Starting from One Cell
• The human body has an organ system to
reproduce humans. It is called the
Reproductive System.
• Babies are born with all the parts they
need for their reproductive systems, but
the system doesn’t start working until
around Age 12.
Puberty
• Around the time kids turn 12 (may be
younger or older), another organ system
starts sending hormones to the
reproductive system. Do you remember
what system sends hormones?
• Right! The Endocrine System.
• The hormones tell the reproductive system
to start producing sex cells.
• This age in a child’s life is called “puberty”.
Sex Cells
• In the female, sex cells are called eggs.
• In the male, sex cells are called sperm.
• These two kinds of sex cells cannot make
new life on their own, they must join together
and become one cell.
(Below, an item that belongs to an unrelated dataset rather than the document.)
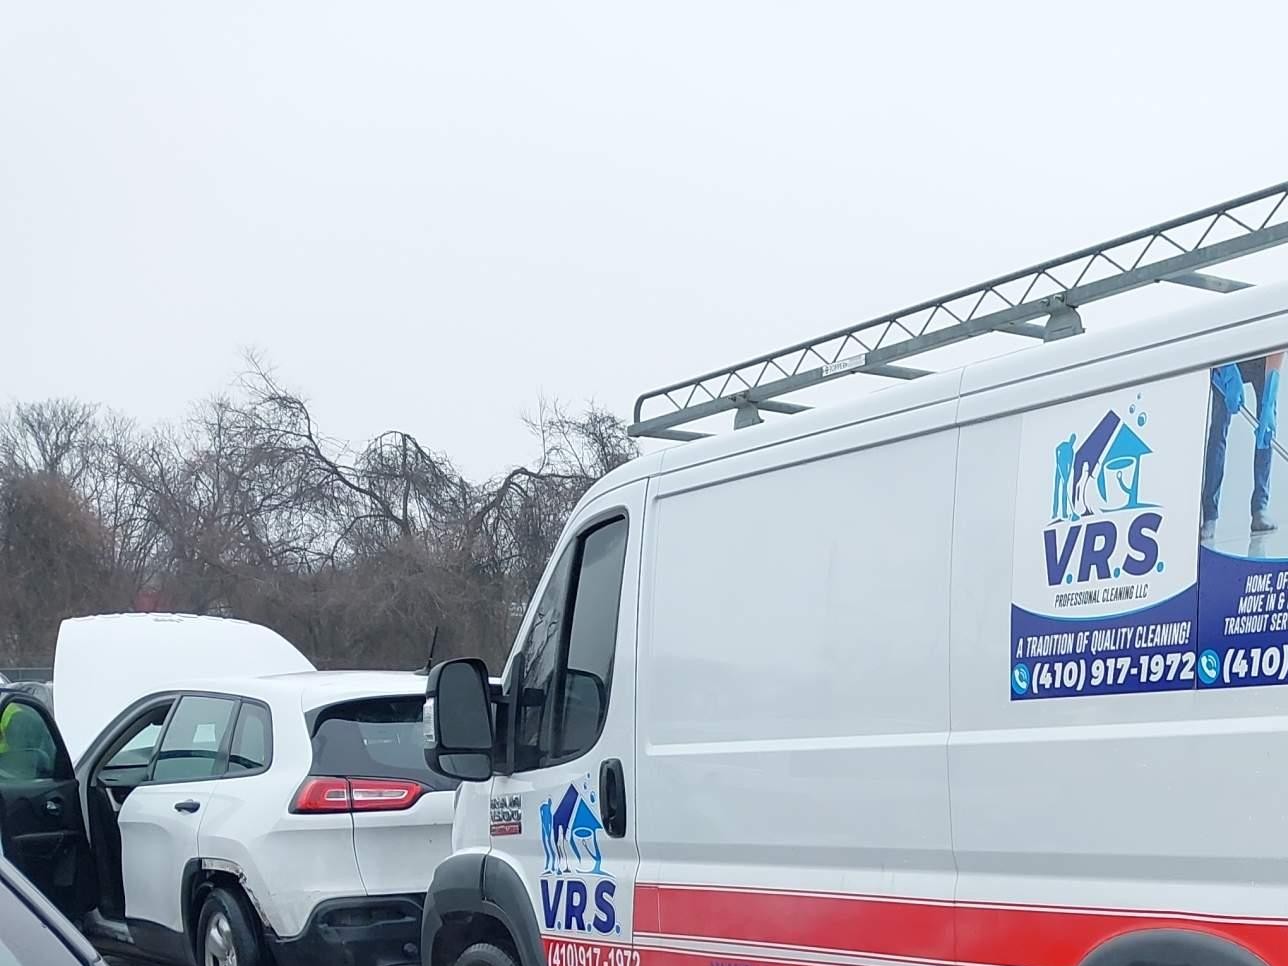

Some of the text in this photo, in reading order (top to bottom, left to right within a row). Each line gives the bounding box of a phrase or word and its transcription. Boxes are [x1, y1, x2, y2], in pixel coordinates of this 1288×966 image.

When that happens,
we say the sperm fertilizes the egg.
One Cell Continued
• The sperm and egg combine to make one
cell. That one cell divides and becomes
two cells. Those cells divide and make
four cells and so on.
• As the cells divide, they form tissues,
organs and different body parts. Slowly,
the cells build up to make a baby. This
forming baby is called a fetus.
Reproductive Organs
Male:
• Testicles make sperm cells. (Men have
two testicles). The sperm travel from the
testicles through tubes to leave the body.
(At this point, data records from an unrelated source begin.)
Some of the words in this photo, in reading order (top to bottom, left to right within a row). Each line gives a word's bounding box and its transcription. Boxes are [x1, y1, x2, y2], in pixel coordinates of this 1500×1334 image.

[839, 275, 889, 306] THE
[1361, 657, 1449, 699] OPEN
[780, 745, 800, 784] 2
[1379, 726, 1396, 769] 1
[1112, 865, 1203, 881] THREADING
The final portion of the sperm’s journey in
a male body goes through the urethra in
the penis. (Note: When a male urinates,
urine passes through this same tube.)
Reproductive Organs
Female:
• The ovary produces egg cells. (Women have
two ovaries – one on each side).
• The egg cells move through fallopian tubes. If
the egg cell joins a sperm cell along the way, it
becomes fertilized. It then attaches itself to the
wall of the uterus where it will grow and
develop into a fetus. (Note: if the egg does not
meet a sperm, it is simply absorbed back into
the body…this happens very often. Women
make eggs every month.)
Reproductive Organs
Female:
• The fetus lives in the uterus. When the
fetus is fully developed, it is a baby ready
to be born. It leaves the uterus through
the vagina in an amazing and painful
process.
• How long do you think it takes a fetus to
develop and be ready to be born?
Nine Months
• It takes 40 weeks (or just over 9 months)
for a baby to develop
• Life starts at one cell. The cell multiplies
and attaches itself to the wall of the uterus.
At that stage, it is called an embryo. It
does not yet look like a human baby, but it
is alive (its heart is formed and beating.)
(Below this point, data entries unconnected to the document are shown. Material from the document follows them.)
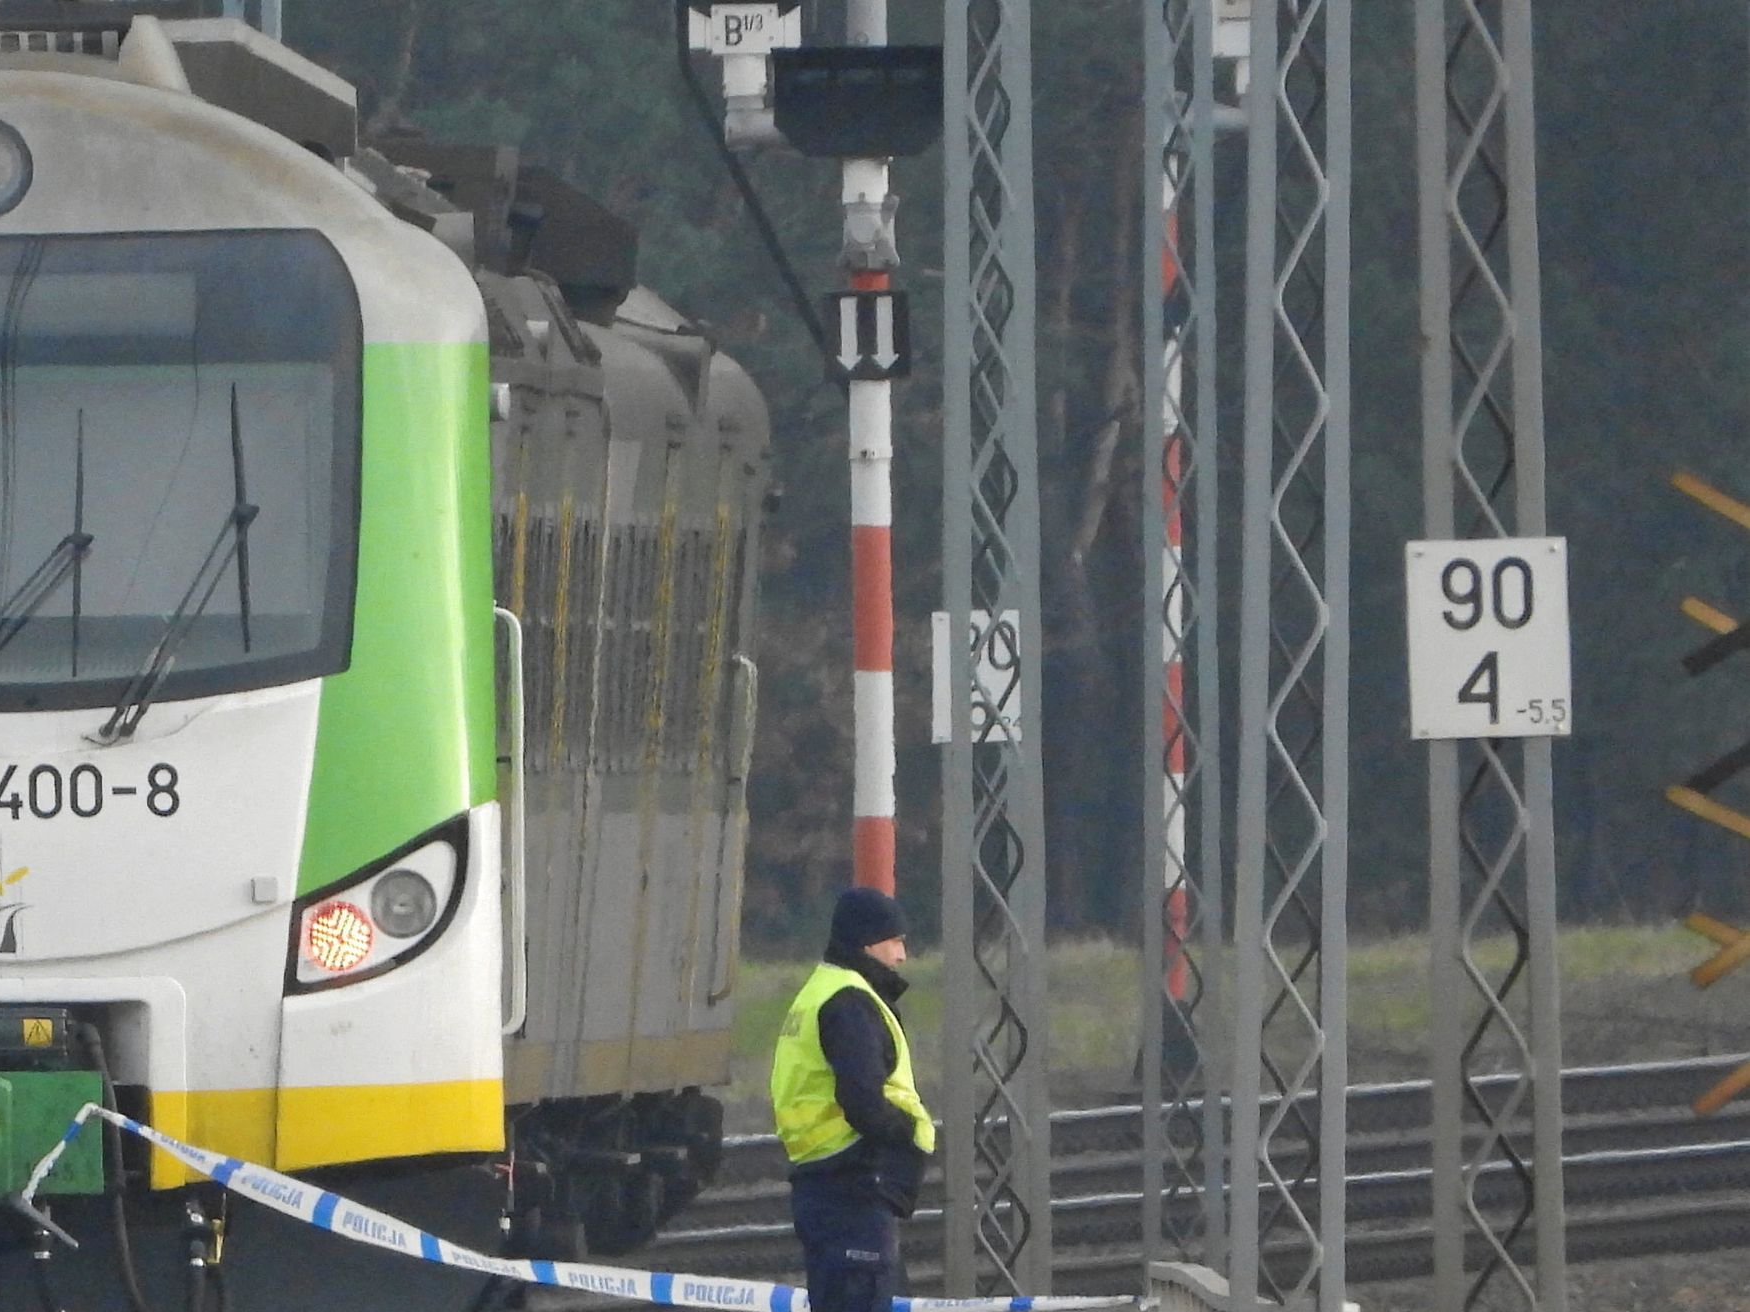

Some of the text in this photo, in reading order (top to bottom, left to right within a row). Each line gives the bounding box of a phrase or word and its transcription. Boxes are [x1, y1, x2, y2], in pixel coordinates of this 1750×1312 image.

[1441, 556, 1534, 631] 90
[1458, 651, 1499, 725] 4
[342, 1210, 408, 1249] POLICJA
[568, 1271, 638, 1297] POLICJA
[683, 1282, 756, 1306] POLICJA
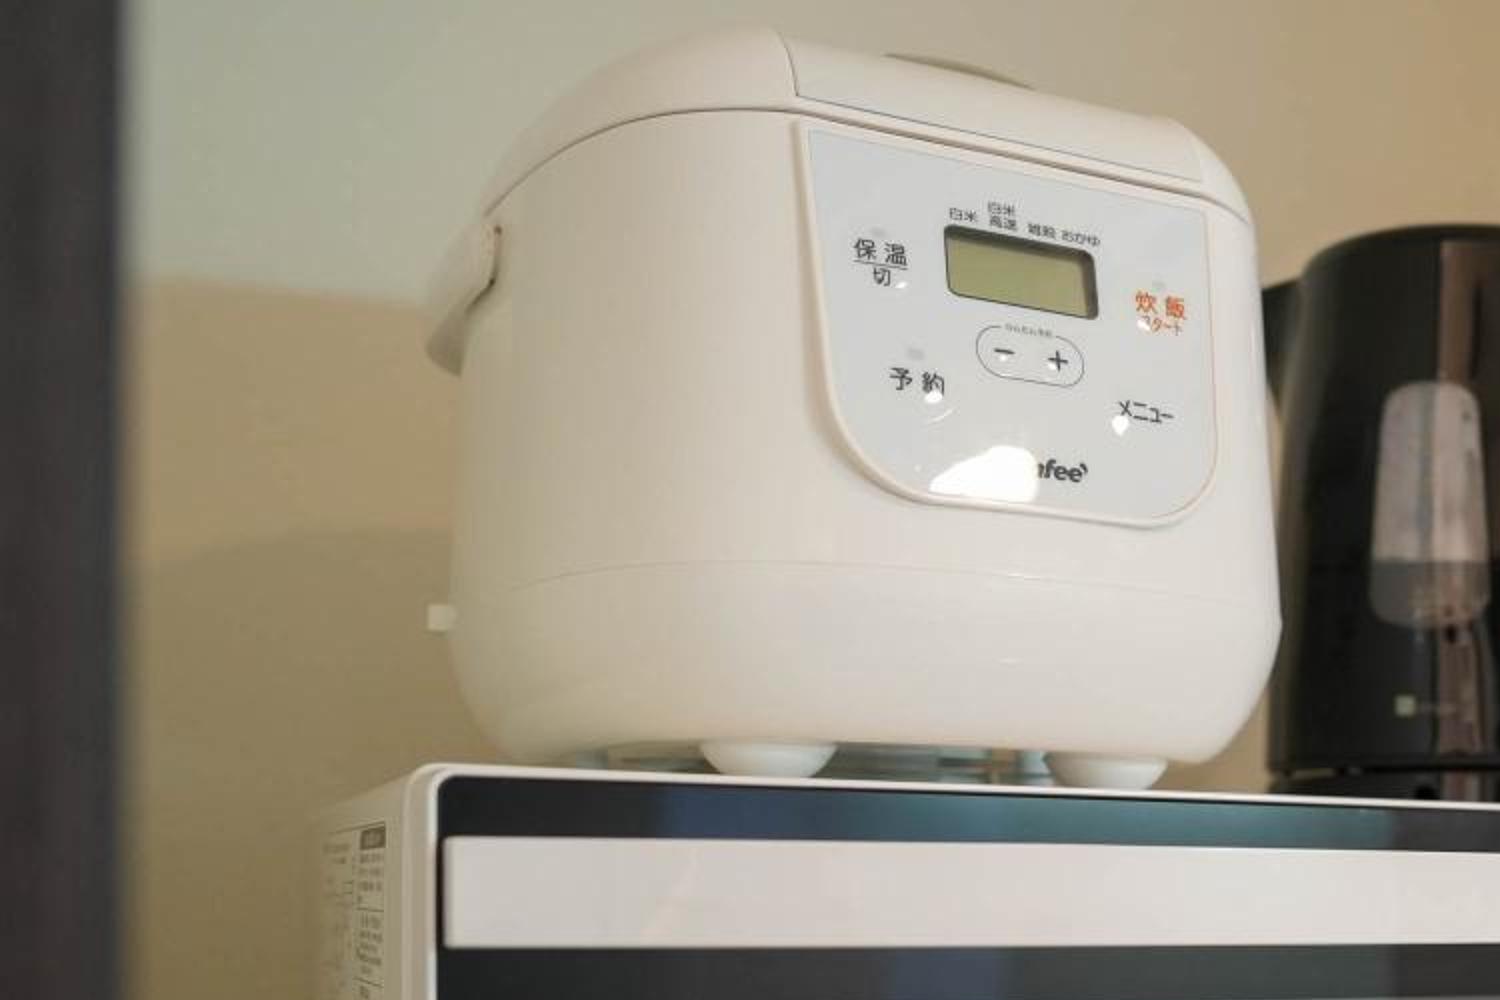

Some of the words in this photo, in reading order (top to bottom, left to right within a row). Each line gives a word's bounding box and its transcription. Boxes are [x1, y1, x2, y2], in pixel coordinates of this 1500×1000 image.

[853, 238, 908, 267] 保温
[872, 267, 892, 287] 切
[1135, 289, 1187, 320] 炊飯
[888, 366, 946, 395] 予約
[1119, 399, 1175, 424] メニュー
• Look at the diagram on Page 136 to see
how an embryo turns into a fetus.
3 Months
• In Picture B, the forming baby is 3 months old. It is
now starting to look like a human baby. At this
stage, it is no longer called an embryo…it is now a
fetus.
• It has nerves, lungs, stomach, intestines, bladder
and muscles. The muscles are working and allow
the baby to move in the uterus.
• The baby is still connected to the wall of the uterus,
but now it is through a tube to the placenta.
Everything a baby needs to grow, it gets from its
mother through the placenta.
6 Months
• Picture C shows a growing fetus at six
months old. Its respiratory, circulatory and
digestive systems are almost complete. It
moves around a lot (kicks, turns and
swings its arms) and the mother can feel
the baby move.
• Babies born at 6 months could survive, but
they are not ready yet for the outside world
and will have trouble breathing and eating.
9 Months
• Picture D shows a baby that has grown inside
its mother for nine months. Do you think it is
ready to be born?
• If it were born now, do you think it would
survive? How big do you think it would be?
Review
• Work on the Review Questions #1-6 on
Page 137.
Going Deeper…
• Earlier we talked about the “placenta”.
The placenta is what gives a baby all the
good things it needs to grow and passes
the waste back to the mother to get rid of.
• The placenta gives the baby everything it
needs, and the placenta gets everything
from the mother. This means that
everything the mother has in her body is
being passed to her baby through the
placenta.
What does that mean?
• That means that a pregnant mother wants
to take lots of good things into her body to
share with her unborn baby. She also
wants to avoid lots of bad things so she
doesn’t harm her baby.
Pregnant Mom
Examples: Would a pregnant mom want to do
these things? What do you think? Why?
• Eat healthy meals
• Drink Alcohol
• Take vitamins
• Smoke
• Drink lots of water
• Do drugs
Parents
• Let’s talk about what you think it takes to be
a good new parent. What do new parents
have to do? How are their lives different
because they have a new baby?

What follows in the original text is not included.